The Taoiseach has been accused of making contradictory statements about one-off housing in rural areas and local authorities have been attacked for failing to exercise their duty to register landlords.
The criticisms come on a day the Central Bank warned that the housing market in Ireland is in danger of collapse.
The Irish Rural Dwellers Association (IRDA) today said the Taoiseach, Mr Ahern, had performed a "u-turn" in a Dáil statement when he agreed with the Minister for the Environment, Mr Cullen's view that the building of homes in rural areas should be restricted to local landowners and their immediate families.
IRDA spokesman, Mr Declan MacPartlin, said he was "shocked" that just two weeks after backing a relaxation of current restrictions, Mr Ahern was now behind a regime which is "even more restrictive than that indicated in the National Spatial Strategy".

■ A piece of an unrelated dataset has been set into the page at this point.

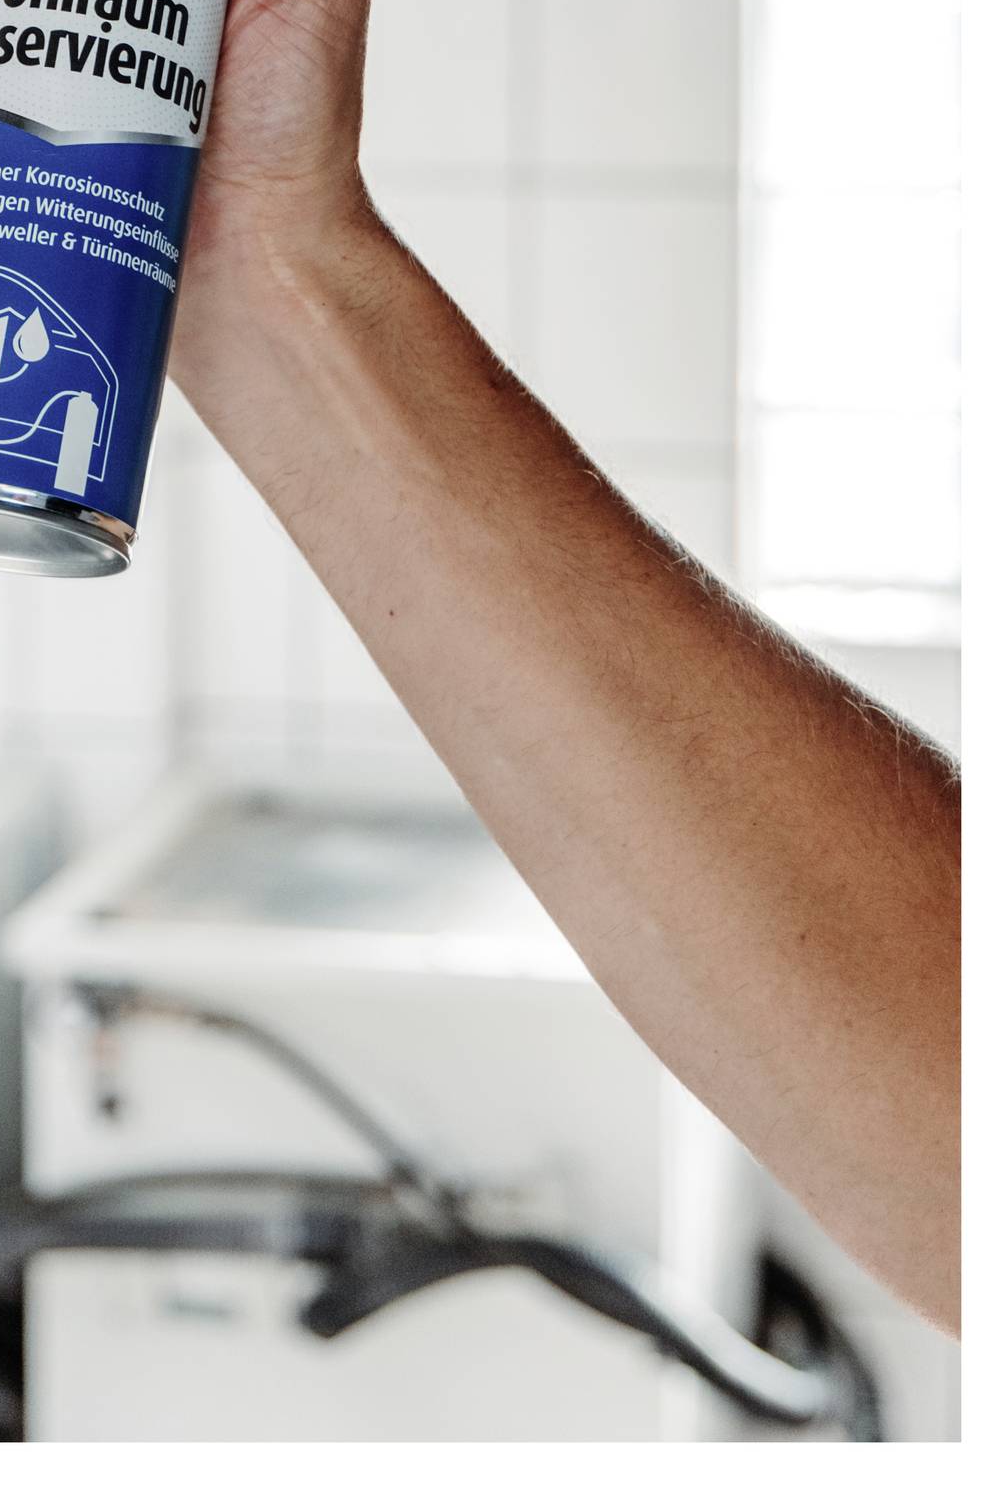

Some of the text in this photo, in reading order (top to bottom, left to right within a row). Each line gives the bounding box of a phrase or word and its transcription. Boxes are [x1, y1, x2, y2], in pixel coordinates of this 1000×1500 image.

[25, 165, 166, 222] Korrosionsschutz
[36, 196, 180, 263] Witterungseinflüsse
[61, 232, 77, 250] &
[81, 236, 177, 294] Türinnenräume

He said Mr Cullen was also contradicting earlier statements and that of Minister of State for Rural Development Mr Eamon O'Cuiv.
"Members of this Government appear to have diametrically opposed views on rural housing," Mr MacPartlin said. However the IRDA have widespread support among local authority politicians, he added.

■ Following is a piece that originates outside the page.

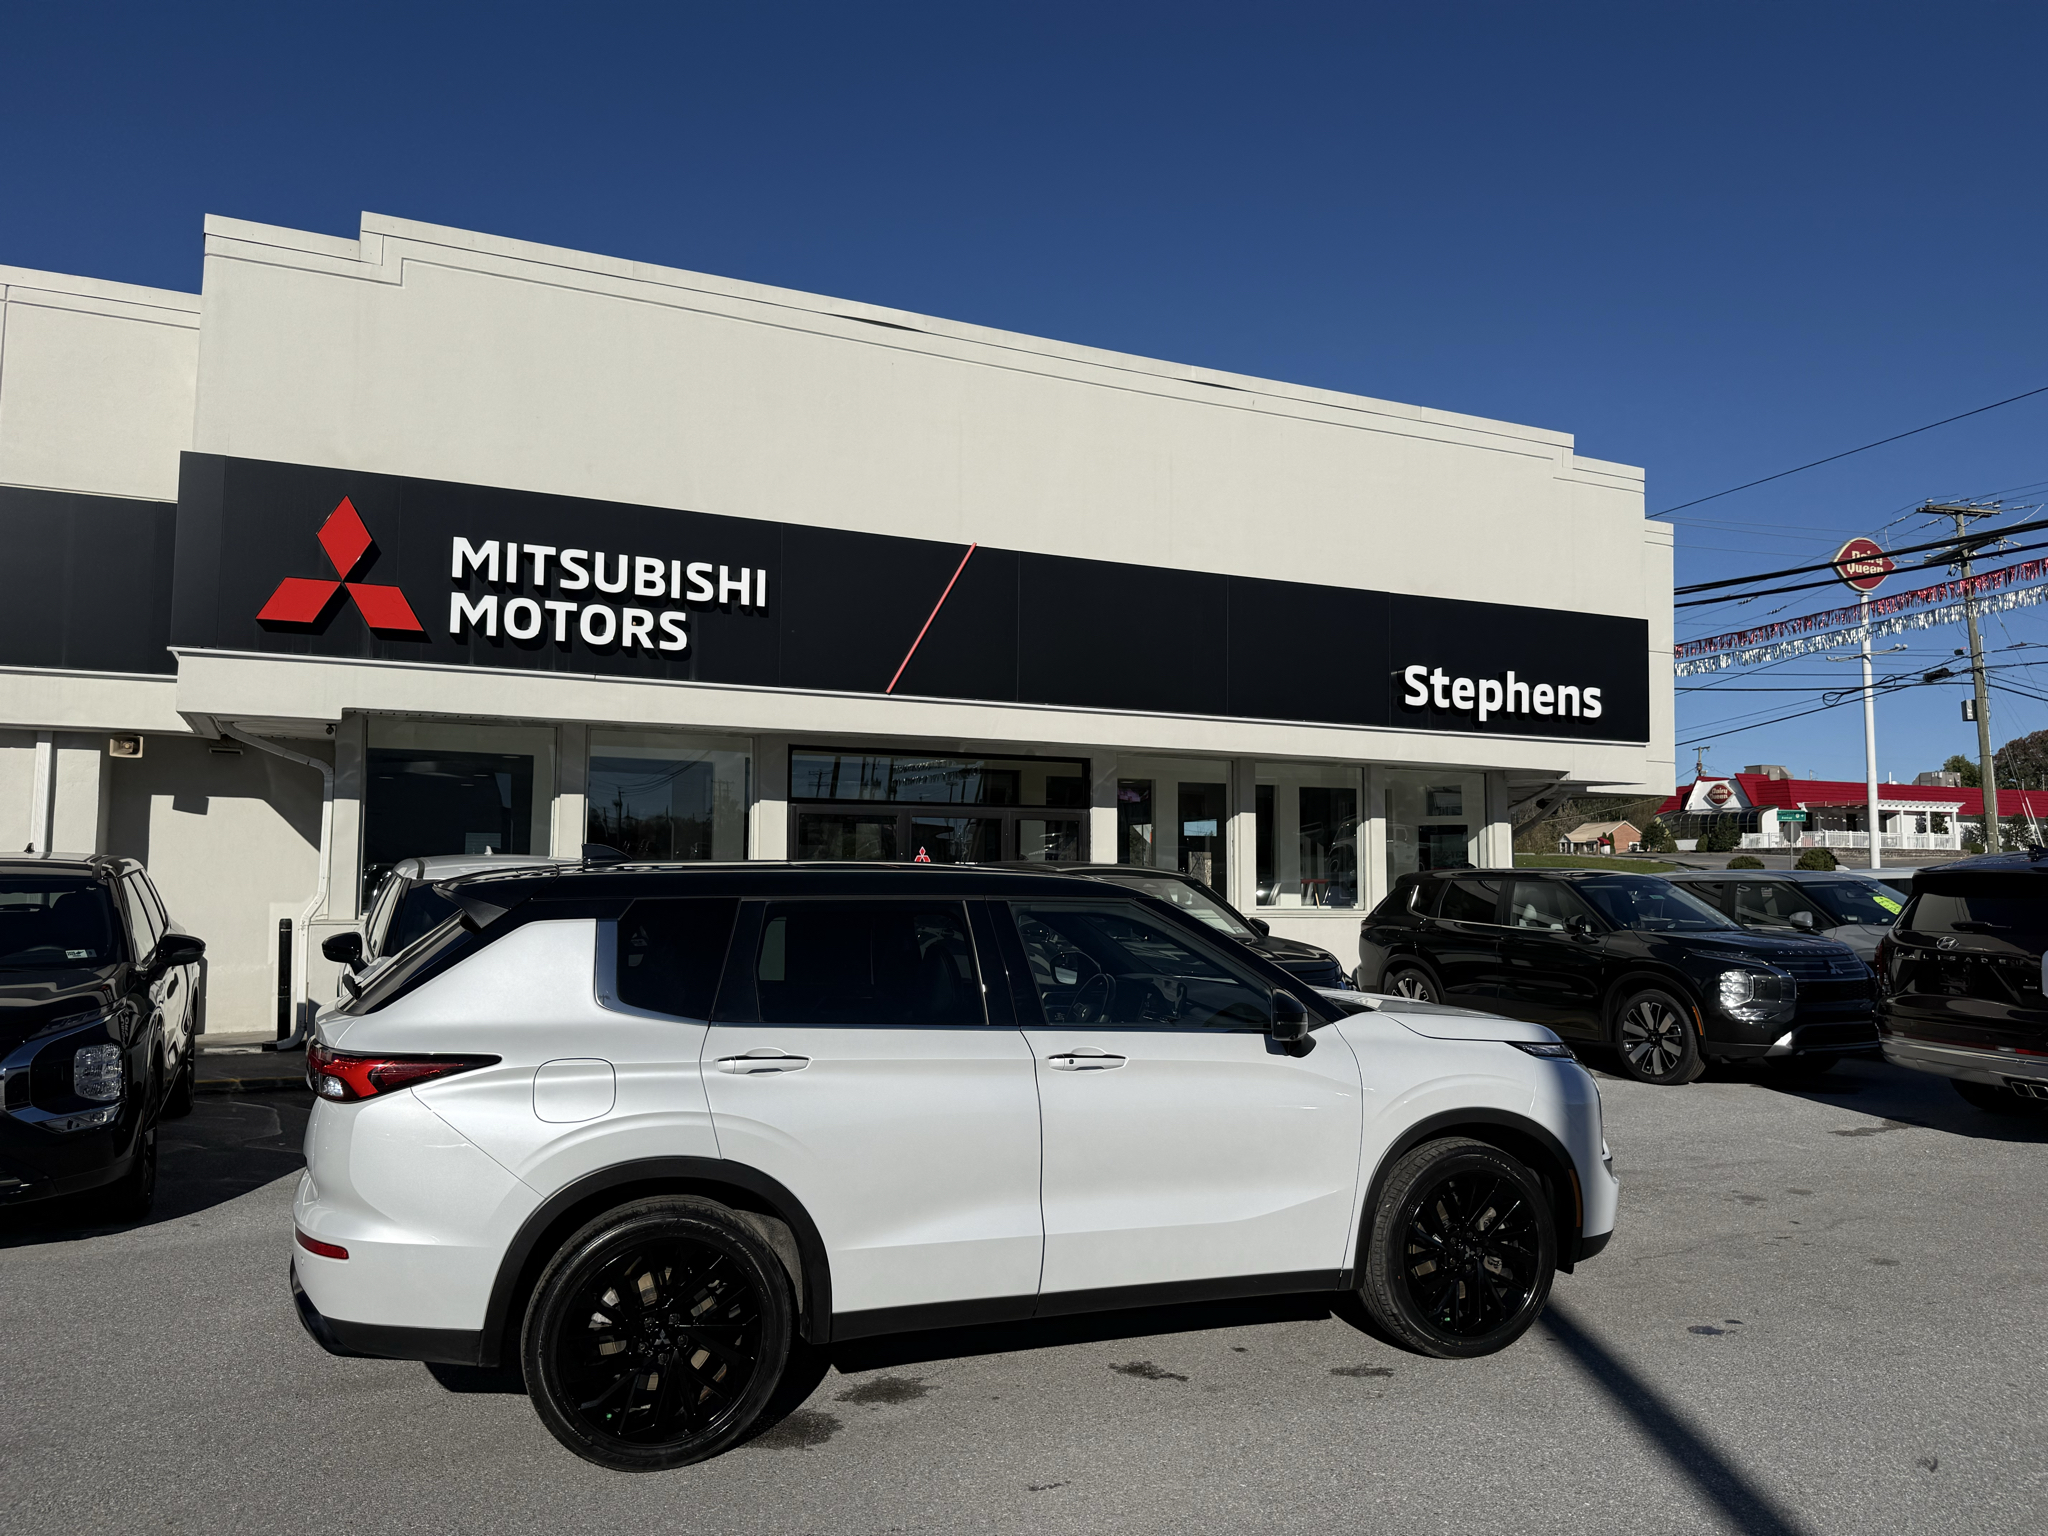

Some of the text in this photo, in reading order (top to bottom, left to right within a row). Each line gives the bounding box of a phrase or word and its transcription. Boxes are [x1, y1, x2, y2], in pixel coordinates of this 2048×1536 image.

[452, 537, 766, 607] MITSUBISHI
[1846, 562, 1884, 575] Queen
[450, 592, 688, 651] MOTORS
[1404, 665, 1602, 722] Stephens

Meanwhile, Labour Party justice spokesman, Mr Joe Costello hit out at local authorities' failure to regulate the rental sector, accusing them of "hypocrisy and double standards".
Speaking in the Dáil, the Dublin Central TD said local authorities were required to register landlords under legislation introduced in the mid-90s. However, "they simply did not exercise their duty on the implementation of the law", Mr Costello said.
He pointed out that the legislation was self-financing because the local authority was entitled to charge a registration fee of £40 per unit of accommodation.
"Compare this with the rush to implement the legislation on waste collection ... the ink was scarcely dry on when the Dublin local authorities threatened dire consequences ... and Fingal County Council put a TD in jail for a month.
"We will have to wait a long time to see a landlord in jail for a month for evicting a family," Mr Costello said.
He said hundreds of thousands of people who cannot afford to buy were being discriminated against as a consequence.
The authorities' failure to implement the provision meant the opportunity to ensure good standards and tax compliance had been lost, he added.